Monday, January 18, 2010


Our Galapagos journey is dreamlike. We are floating on the sea, we are woken up with music, we walk on moonscapes among animals that have no fear of us, we are fed when we are hungry, and all the stars of the heavens welcome out at night. It is quite a jolt to leave the magical islands and arrive in Quito.
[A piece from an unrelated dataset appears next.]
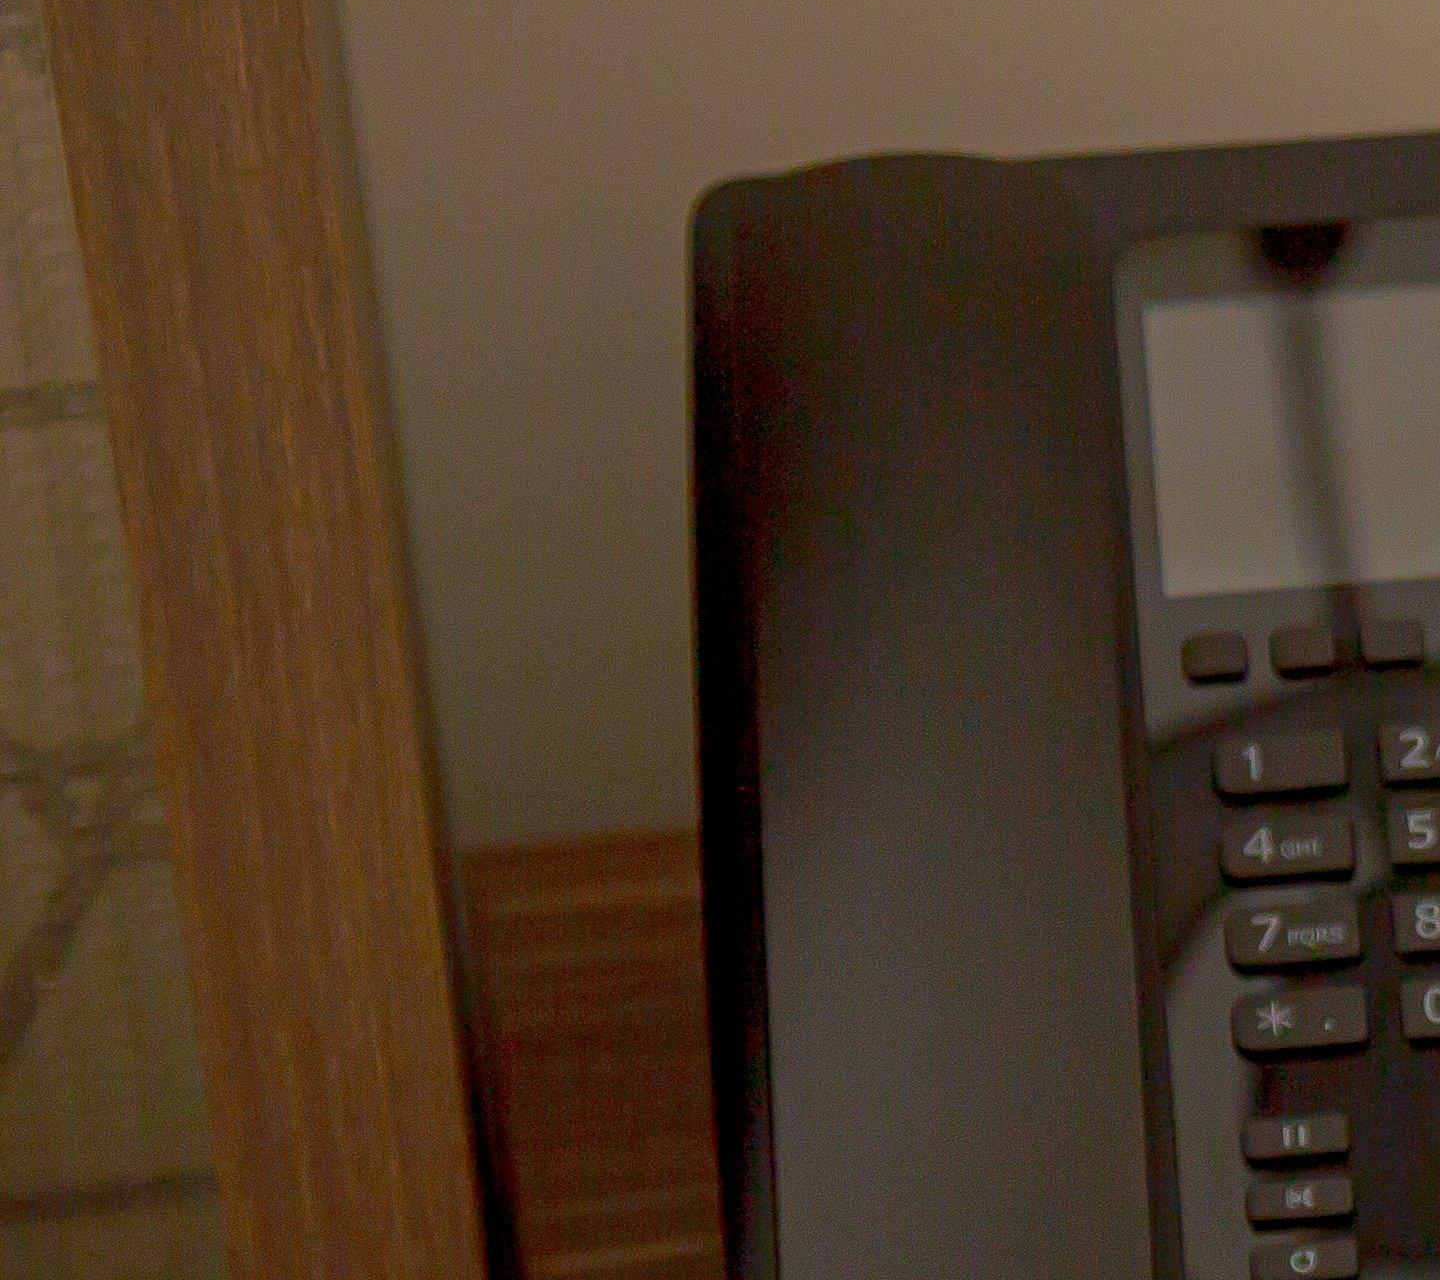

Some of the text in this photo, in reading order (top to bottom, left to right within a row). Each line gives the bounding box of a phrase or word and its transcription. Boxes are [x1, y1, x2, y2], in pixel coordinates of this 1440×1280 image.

Maya Entertaining the Guests with Mozart

I woke up at 3:30 or so, thinking it was an hour later. I could not go back to sleep, and got dressed before the wakeup call at 5:45. I woke Maya up and got her dressed and she was halfway down the hall to get breakfast before I realized that Galapagos time was an hour later than Quito time, and that we had another hour to sleep.

Eric Clowning

I was not ready to leave the boat, so it was with reluctance that I urged the students to the pangas and back to the mainland. Our outing of the day was to take a bus clear across Santa Cruz Island to the Darwin Research Station in Puerto Ayora to see Lonesome George (we actually did see him, he is usually hiding in his pen) and be informed about the tortoise breeding program. All the islands in the Galapagos were populated by huge numbers of tortoises in the past, but they were hunted to extinction and for over thirty years this very successful breeding program has made progress in reintroducing the tortoises to many of the islands where there had been almost none. Lonesome George is the last of his species alive, and great efforts have been devoted to helping him reproduce with similar ( but not exactly) tortoises, yet for years he refused to have anything to do with females and recently has produced eggs that did not survive. None of the females he lives with are exactly his species, so when he dies his species will be extinct.

Crosing Santa Cruz by Bus

The tortoises are huge, with thick wavy shells and dinosaur like faces. They live to 200 years old, and move slowly and deliberately. They are not at all like the much more delicate sea turtles, which float gracefully in the sea. We were very lucky to see so many sea turtles yesterday.

Dinosaur Tortoises

We drove to the top of Santa Cruz Island, which was lush and green and covered in mist and light rain, quite the contrast to the the desert like vegetation near the sea, and on most of the islands in the Galapagos. Thankfully our walk through the Darwin Centre was not as sweltering as it has been in the past. We had limited time to see the tortoises, and were back on the bus returning the way we had come, and caught a boat to Baltra, where the local airport is, caught our plane and were back in Quito in the late afternoon.

Land Iguana

Eric is staying in Quito for another couple of days. His first lecture at Catolica University is scheduled for Wednesday, so Maya and I will travel with the students tomorrow and Eric will join us on Thursday. Maya and I both love the jungle, so are both looking forward to Sacha Lodge.

I am still feeling the boat moving underneath me. I am seasick on land. I felt uncomfortable with the swaying of the boat for the first twenty four hours, but adjusted afterward and felt the rocking helped me sleep. Now I am uncomfortable on land and miss our idyllic sojourn on the boat.